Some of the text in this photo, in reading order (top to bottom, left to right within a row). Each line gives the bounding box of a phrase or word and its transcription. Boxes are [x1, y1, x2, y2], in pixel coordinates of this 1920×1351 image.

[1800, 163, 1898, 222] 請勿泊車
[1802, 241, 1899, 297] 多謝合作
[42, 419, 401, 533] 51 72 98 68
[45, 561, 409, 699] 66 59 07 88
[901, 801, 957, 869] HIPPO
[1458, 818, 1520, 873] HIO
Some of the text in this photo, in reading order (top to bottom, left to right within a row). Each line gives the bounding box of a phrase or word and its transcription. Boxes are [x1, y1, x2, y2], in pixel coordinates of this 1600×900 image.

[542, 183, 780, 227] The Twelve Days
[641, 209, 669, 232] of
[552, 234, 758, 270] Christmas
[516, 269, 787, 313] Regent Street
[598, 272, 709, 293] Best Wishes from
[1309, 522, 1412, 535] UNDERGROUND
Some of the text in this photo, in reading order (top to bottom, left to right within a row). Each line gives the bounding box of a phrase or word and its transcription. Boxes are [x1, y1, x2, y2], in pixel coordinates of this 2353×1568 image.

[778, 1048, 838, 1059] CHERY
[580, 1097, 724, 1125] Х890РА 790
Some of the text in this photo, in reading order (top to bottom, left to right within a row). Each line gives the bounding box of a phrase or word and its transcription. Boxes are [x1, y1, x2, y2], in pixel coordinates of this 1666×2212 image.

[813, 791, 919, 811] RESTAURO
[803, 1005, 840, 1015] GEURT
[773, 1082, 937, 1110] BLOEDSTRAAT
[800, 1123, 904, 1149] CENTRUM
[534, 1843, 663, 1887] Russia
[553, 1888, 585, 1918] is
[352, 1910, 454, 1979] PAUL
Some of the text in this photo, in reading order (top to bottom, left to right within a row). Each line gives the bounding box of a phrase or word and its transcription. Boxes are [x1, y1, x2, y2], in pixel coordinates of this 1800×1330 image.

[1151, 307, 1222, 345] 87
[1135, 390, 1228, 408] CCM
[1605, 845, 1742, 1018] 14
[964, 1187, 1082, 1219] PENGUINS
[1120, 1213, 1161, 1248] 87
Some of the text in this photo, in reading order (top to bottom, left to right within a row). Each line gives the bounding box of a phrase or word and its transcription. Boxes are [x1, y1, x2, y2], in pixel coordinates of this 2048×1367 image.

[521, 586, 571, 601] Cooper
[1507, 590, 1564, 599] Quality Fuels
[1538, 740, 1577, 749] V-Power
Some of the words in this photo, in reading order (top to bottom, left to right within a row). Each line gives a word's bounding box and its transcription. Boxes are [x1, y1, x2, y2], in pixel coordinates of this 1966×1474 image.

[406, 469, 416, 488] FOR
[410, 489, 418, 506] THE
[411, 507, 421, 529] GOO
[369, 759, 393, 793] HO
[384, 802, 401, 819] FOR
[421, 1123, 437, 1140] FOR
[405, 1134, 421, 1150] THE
◇ ◇ ◇ ◇ ◇
## Task description
Word for word, repeat each entry shown above.

## Answer to this task
Some of the text in this photo, in reading order (top to bottom, left to right within a row). Each line gives the bounding box of a phrase or word and its transcription. Boxes are [x1, y1, x2, y2], in pixel coordinates of this 1920×1351 image.

[1800, 163, 1898, 222] 請勿泊車
[1802, 241, 1899, 297] 多謝合作
[42, 419, 401, 533] 51 72 98 68
[45, 561, 409, 699] 66 59 07 88
[901, 801, 957, 869] HIPPO
[1458, 818, 1520, 873] HIO
Some of the text in this photo, in reading order (top to bottom, left to right within a row). Each line gives the bounding box of a phrase or word and its transcription. Boxes are [x1, y1, x2, y2], in pixel coordinates of this 1600×900 image.

[542, 183, 780, 227] The Twelve Days
[641, 209, 669, 232] of
[552, 234, 758, 270] Christmas
[516, 269, 787, 313] Regent Street
[598, 272, 709, 293] Best Wishes from
[1309, 522, 1412, 535] UNDERGROUND
Some of the text in this photo, in reading order (top to bottom, left to right within a row). Each line gives the bounding box of a phrase or word and its transcription. Boxes are [x1, y1, x2, y2], in pixel coordinates of this 2353×1568 image.

[778, 1048, 838, 1059] CHERY
[580, 1097, 724, 1125] Х890РА 790
Some of the text in this photo, in reading order (top to bottom, left to right within a row). Each line gives the bounding box of a phrase or word and its transcription. Boxes are [x1, y1, x2, y2], in pixel coordinates of this 1666×2212 image.

[813, 791, 919, 811] RESTAURO
[803, 1005, 840, 1015] GEURT
[773, 1082, 937, 1110] BLOEDSTRAAT
[800, 1123, 904, 1149] CENTRUM
[534, 1843, 663, 1887] Russia
[553, 1888, 585, 1918] is
[352, 1910, 454, 1979] PAUL
Some of the text in this photo, in reading order (top to bottom, left to right within a row). Each line gives the bounding box of a phrase or word and its transcription. Boxes are [x1, y1, x2, y2], in pixel coordinates of this 1800×1330 image.

[1151, 307, 1222, 345] 87
[1135, 390, 1228, 408] CCM
[1605, 845, 1742, 1018] 14
[964, 1187, 1082, 1219] PENGUINS
[1120, 1213, 1161, 1248] 87
Some of the text in this photo, in reading order (top to bottom, left to right within a row). Each line gives the bounding box of a phrase or word and its transcription. Boxes are [x1, y1, x2, y2], in pixel coordinates of this 2048×1367 image.

[521, 586, 571, 601] Cooper
[1507, 590, 1564, 599] Quality Fuels
[1538, 740, 1577, 749] V-Power
Some of the words in this photo, in reading order (top to bottom, left to right within a row). Each line gives a word's bounding box and its transcription. Boxes are [x1, y1, x2, y2], in pixel coordinates of this 1966×1474 image.

[406, 469, 416, 488] FOR
[410, 489, 418, 506] THE
[411, 507, 421, 529] GOO
[369, 759, 393, 793] HO
[384, 802, 401, 819] FOR
[421, 1123, 437, 1140] FOR
[405, 1134, 421, 1150] THE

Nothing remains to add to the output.